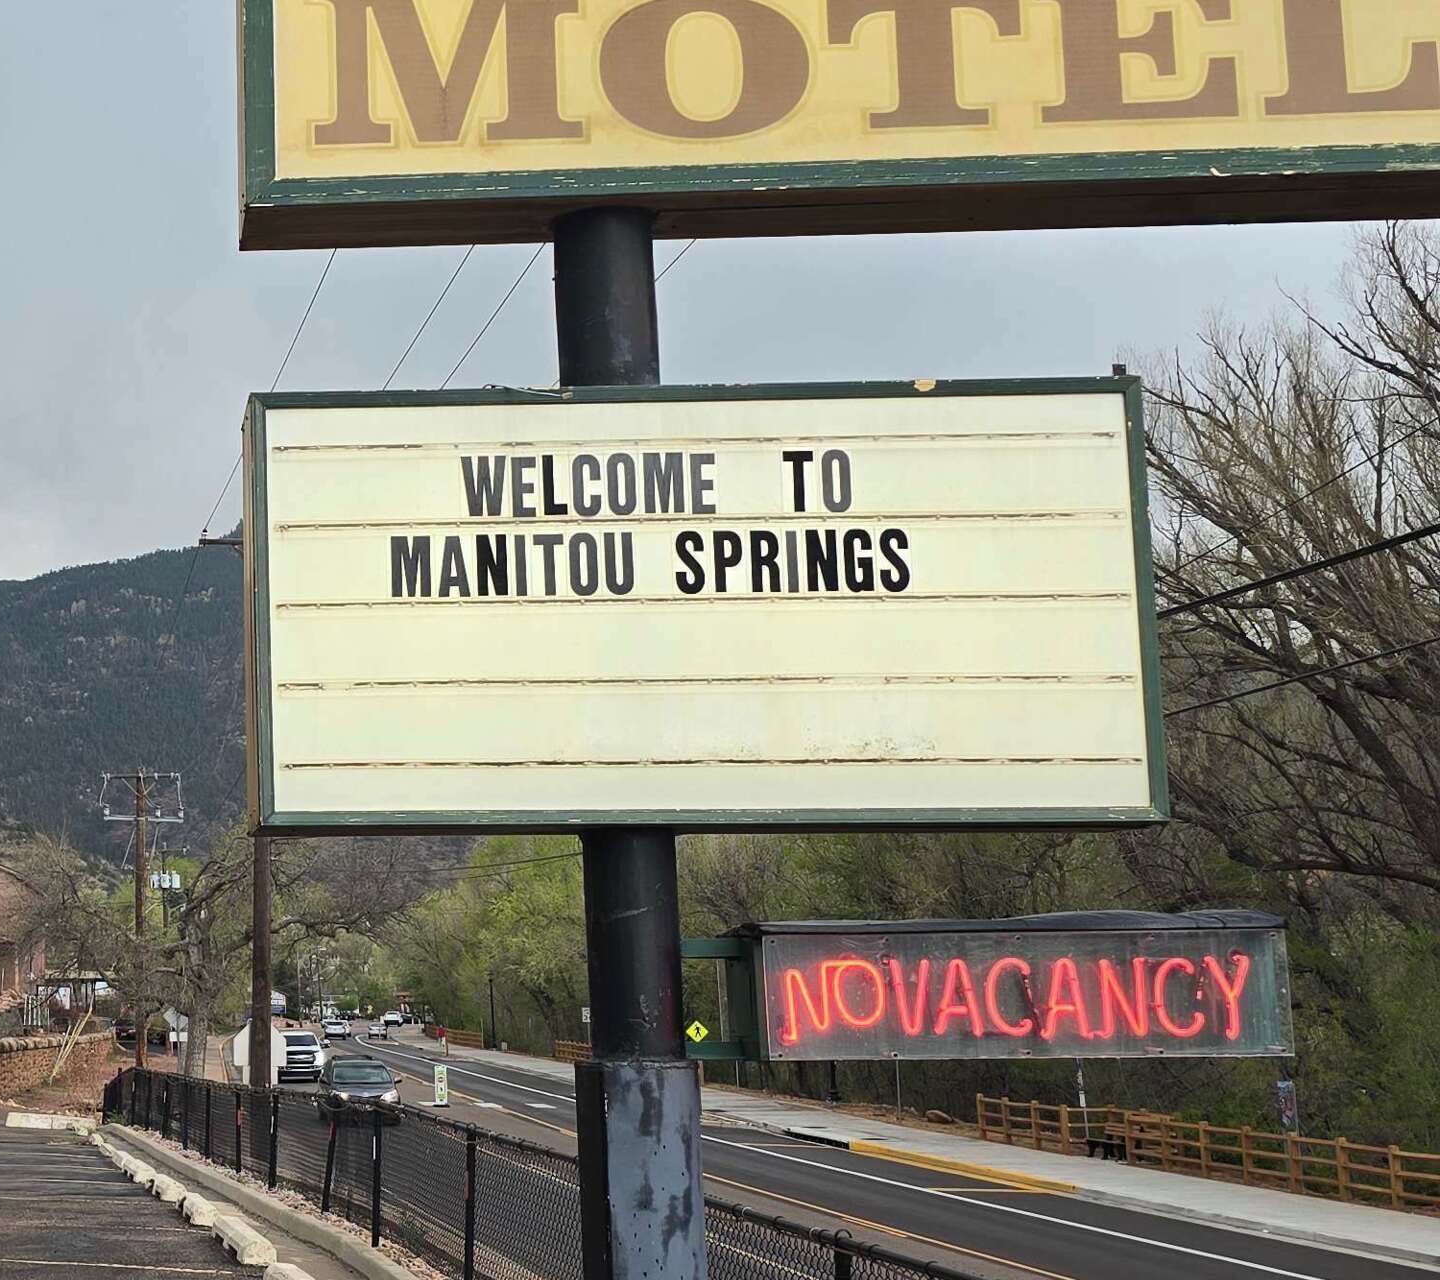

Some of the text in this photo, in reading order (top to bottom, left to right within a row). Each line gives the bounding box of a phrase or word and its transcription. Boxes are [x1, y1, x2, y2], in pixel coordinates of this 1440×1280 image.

[460, 448, 852, 518] WELCOME TO
[389, 527, 911, 598] MANITOU SPRINGS
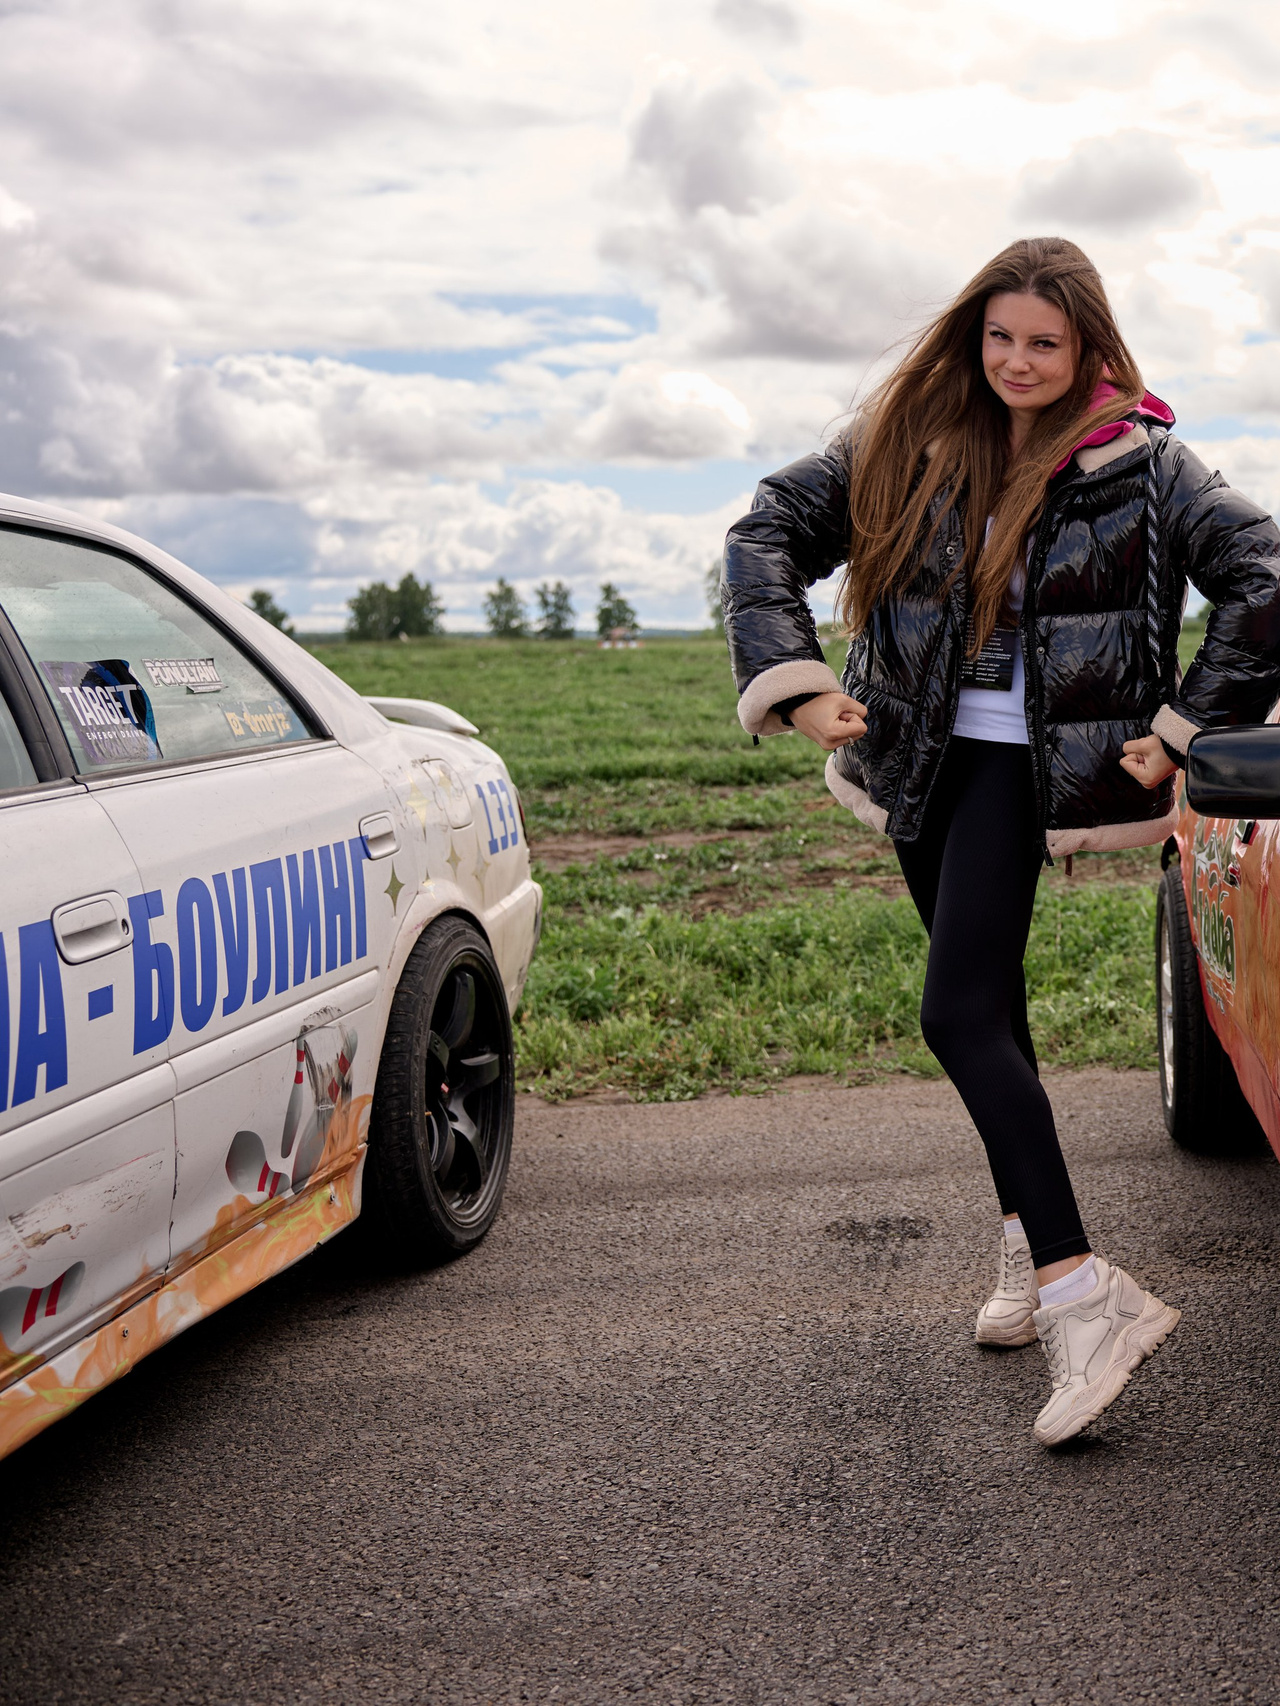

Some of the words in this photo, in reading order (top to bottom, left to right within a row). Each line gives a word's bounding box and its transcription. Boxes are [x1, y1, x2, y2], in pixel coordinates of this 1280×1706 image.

[58, 684, 139, 726] TARGET
[86, 730, 119, 741] ENERGY
[475, 779, 518, 855] 133
[127, 835, 368, 1055] БОУЛИНГ

****************************************

YOUR TASK =>
Only the line containing "Some of the words" and the lines after it, through the end of the data, should be copied, exactly as they are.

SOLUTION =>
Some of the words in this photo, in reading order (top to bottom, left to right within a row). Each line gives a word's bounding box and its transcription. Boxes are [x1, y1, x2, y2], in pixel coordinates of this 1280×1706 image.

[58, 684, 139, 726] TARGET
[86, 730, 119, 741] ENERGY
[475, 779, 518, 855] 133
[127, 835, 368, 1055] БОУЛИНГ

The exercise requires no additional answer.